> _Exercise directions_:
Word for word, restate the lines of the data below between those holding "this 1200×1601 image." and "this 1496×1496 image.", inclusive; pictures do not belong in the copy.

^^^^^^^^^^^^^^^^

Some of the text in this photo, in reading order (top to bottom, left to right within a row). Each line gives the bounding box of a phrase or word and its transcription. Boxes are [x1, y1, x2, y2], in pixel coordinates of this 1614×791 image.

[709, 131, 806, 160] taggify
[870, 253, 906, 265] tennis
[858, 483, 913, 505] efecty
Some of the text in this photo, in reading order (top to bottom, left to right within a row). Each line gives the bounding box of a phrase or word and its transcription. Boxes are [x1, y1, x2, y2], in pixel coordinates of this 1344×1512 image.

^^^^^^^^^^^^^^^^

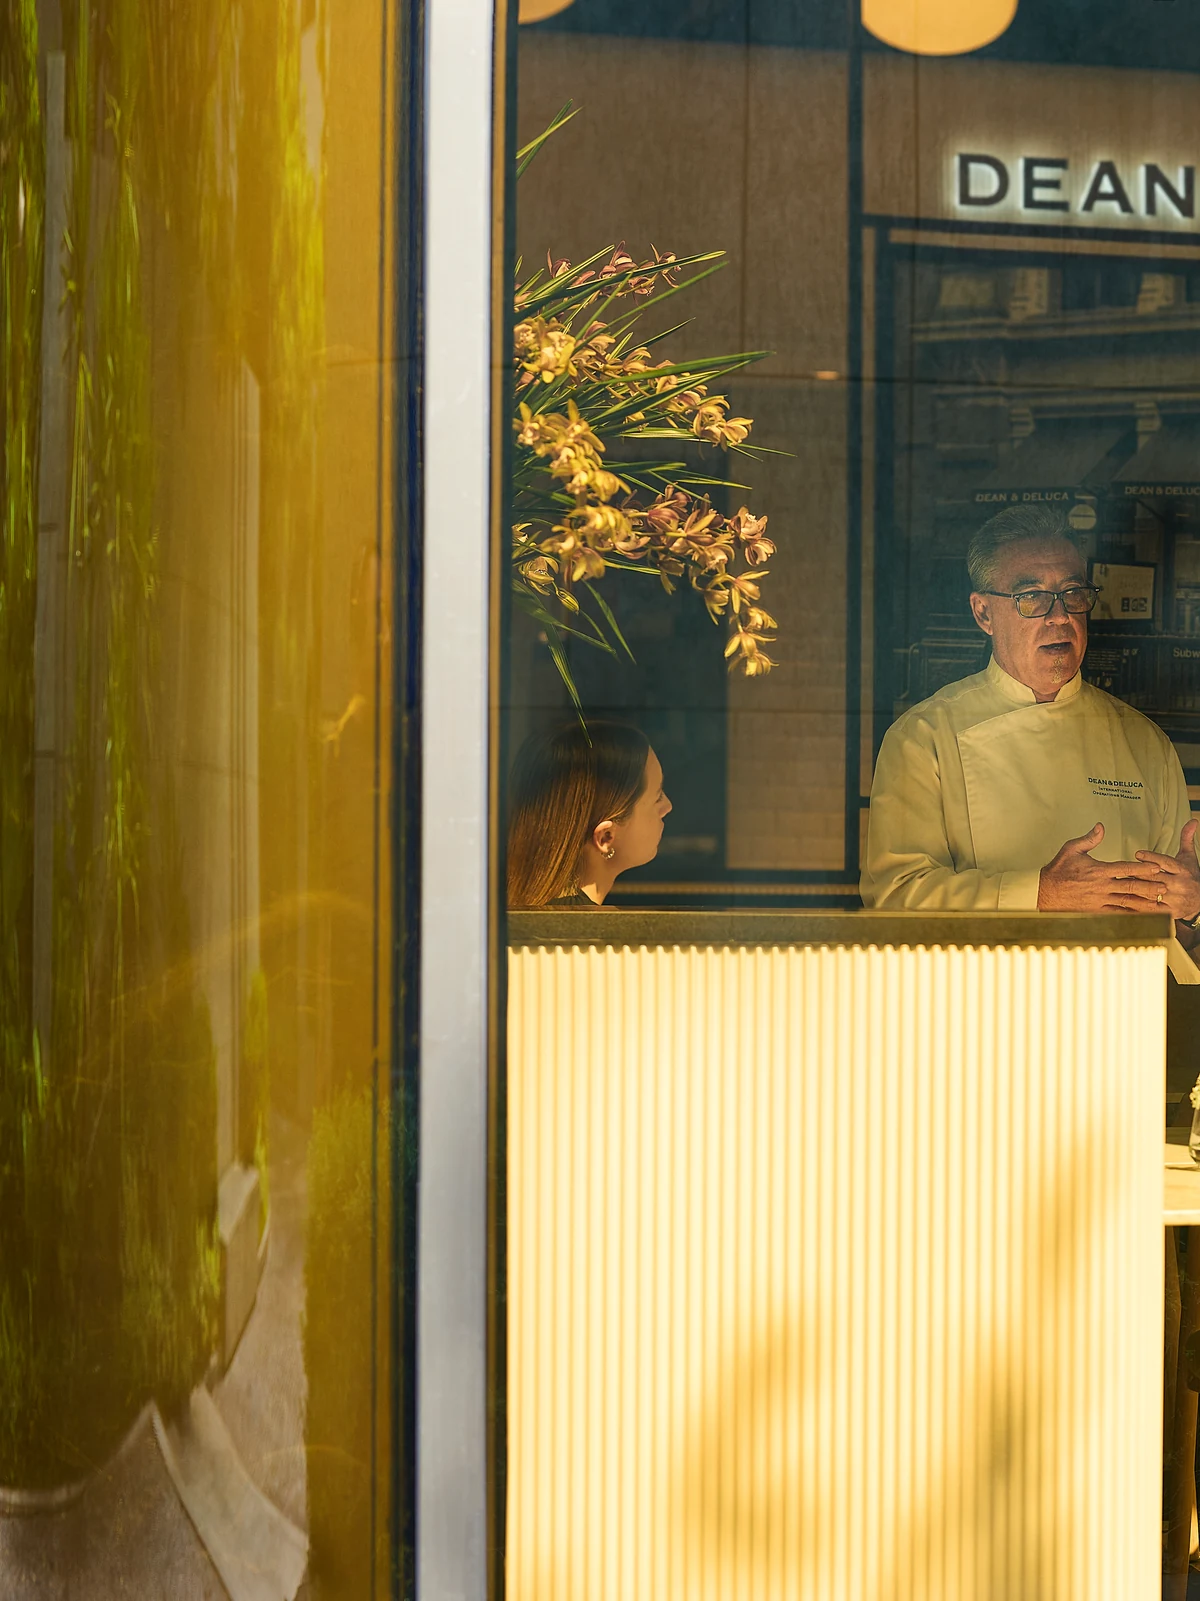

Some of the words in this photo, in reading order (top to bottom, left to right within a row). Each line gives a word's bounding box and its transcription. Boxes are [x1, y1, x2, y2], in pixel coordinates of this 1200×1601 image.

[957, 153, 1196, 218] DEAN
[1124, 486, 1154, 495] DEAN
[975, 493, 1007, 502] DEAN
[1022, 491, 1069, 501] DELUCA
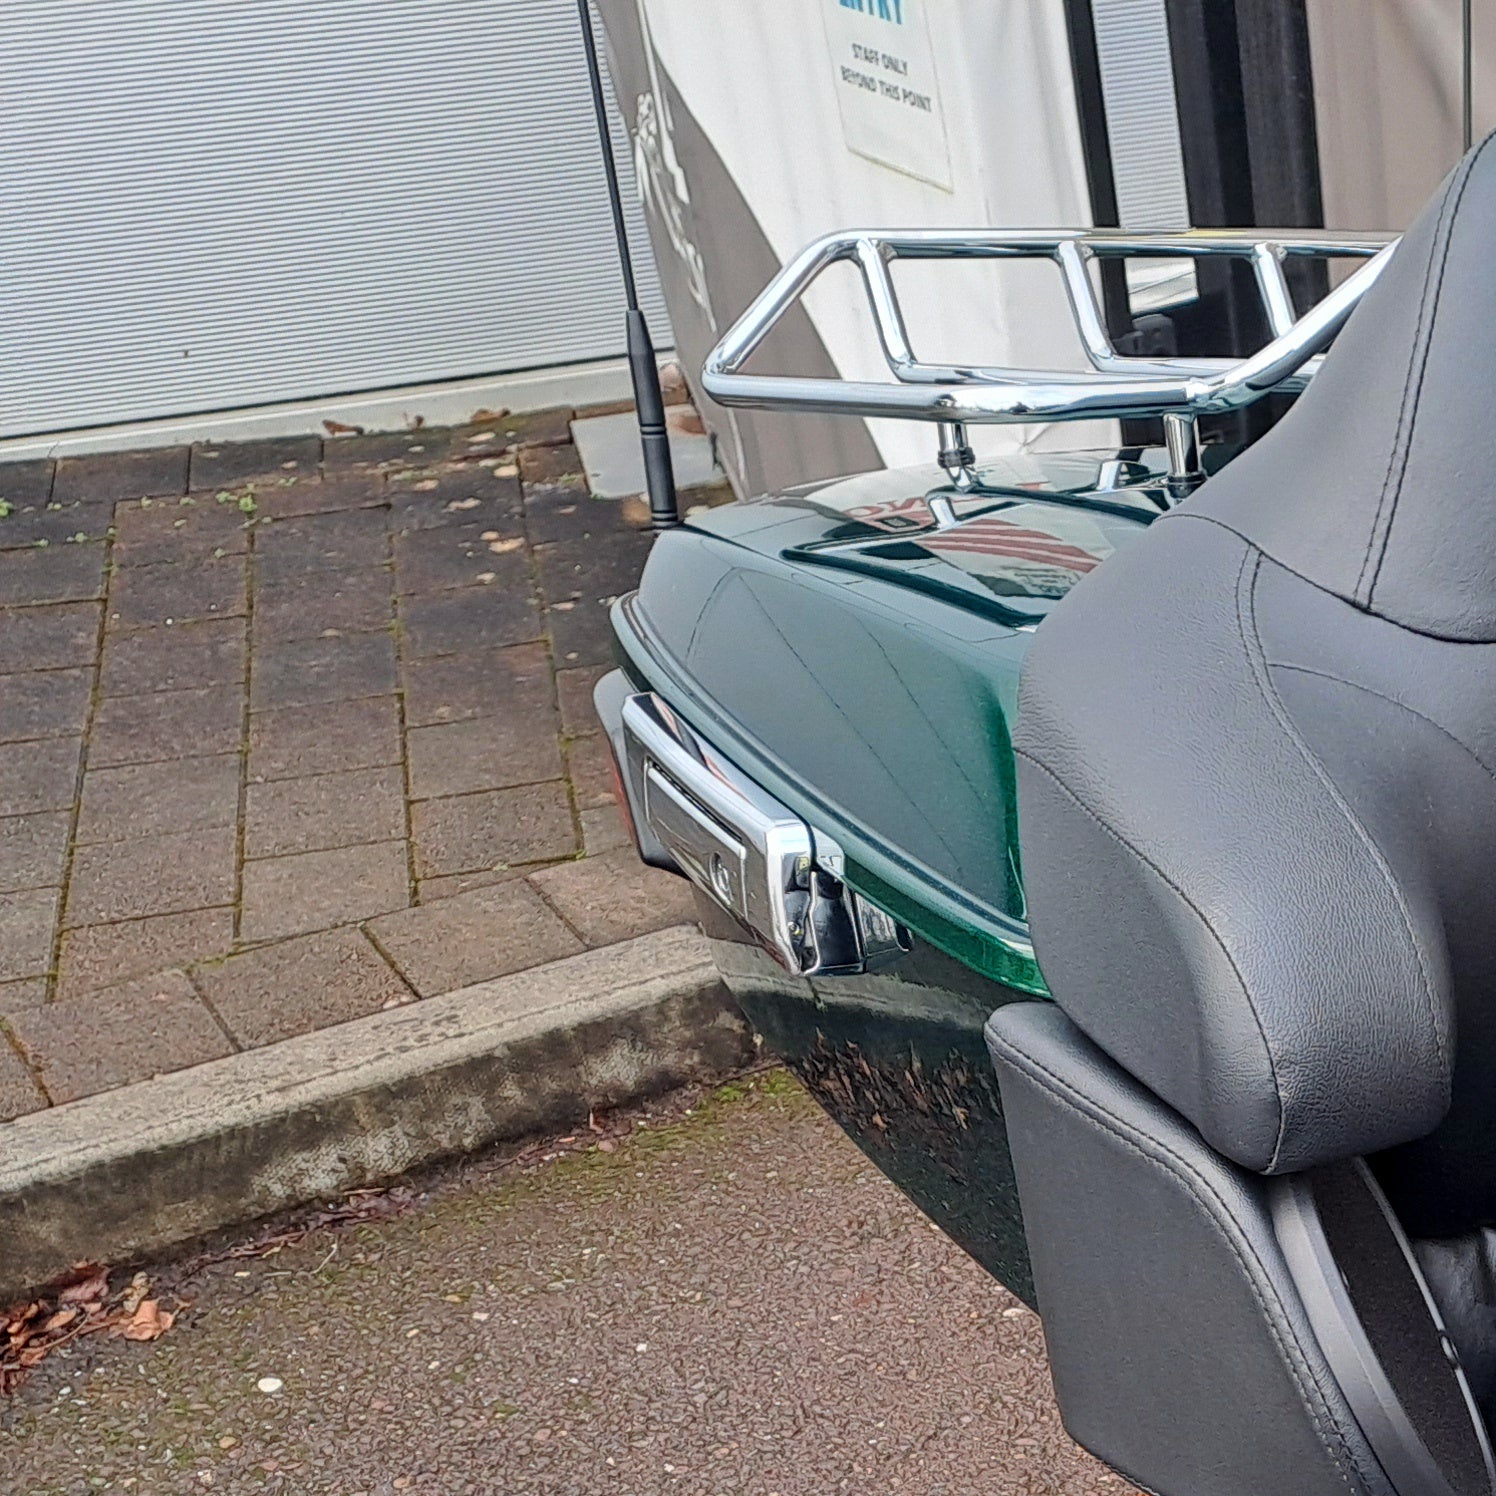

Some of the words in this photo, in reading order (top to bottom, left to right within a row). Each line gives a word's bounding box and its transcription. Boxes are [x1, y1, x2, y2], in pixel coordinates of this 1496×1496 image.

^^^^^^^^^^^^^^^^

> _The completed task_:
Some of the words in this photo, in reading order (top to bottom, left to right within a row). Each line gives a word's bounding box and its transcription. Boxes are [x1, y1, x2, y2], in pixel coordinates of this 1200×1601 image.

[957, 153, 1196, 218] DEAN
[1124, 486, 1154, 495] DEAN
[975, 493, 1007, 502] DEAN
[1022, 491, 1069, 501] DELUCA

Some of the words in this photo, in reading order (top to bottom, left to right within a row). Each line gives a word's bounding box and its transcription. Boxes are [x1, y1, x2, y2], in pixel coordinates of this 1496×1496 image.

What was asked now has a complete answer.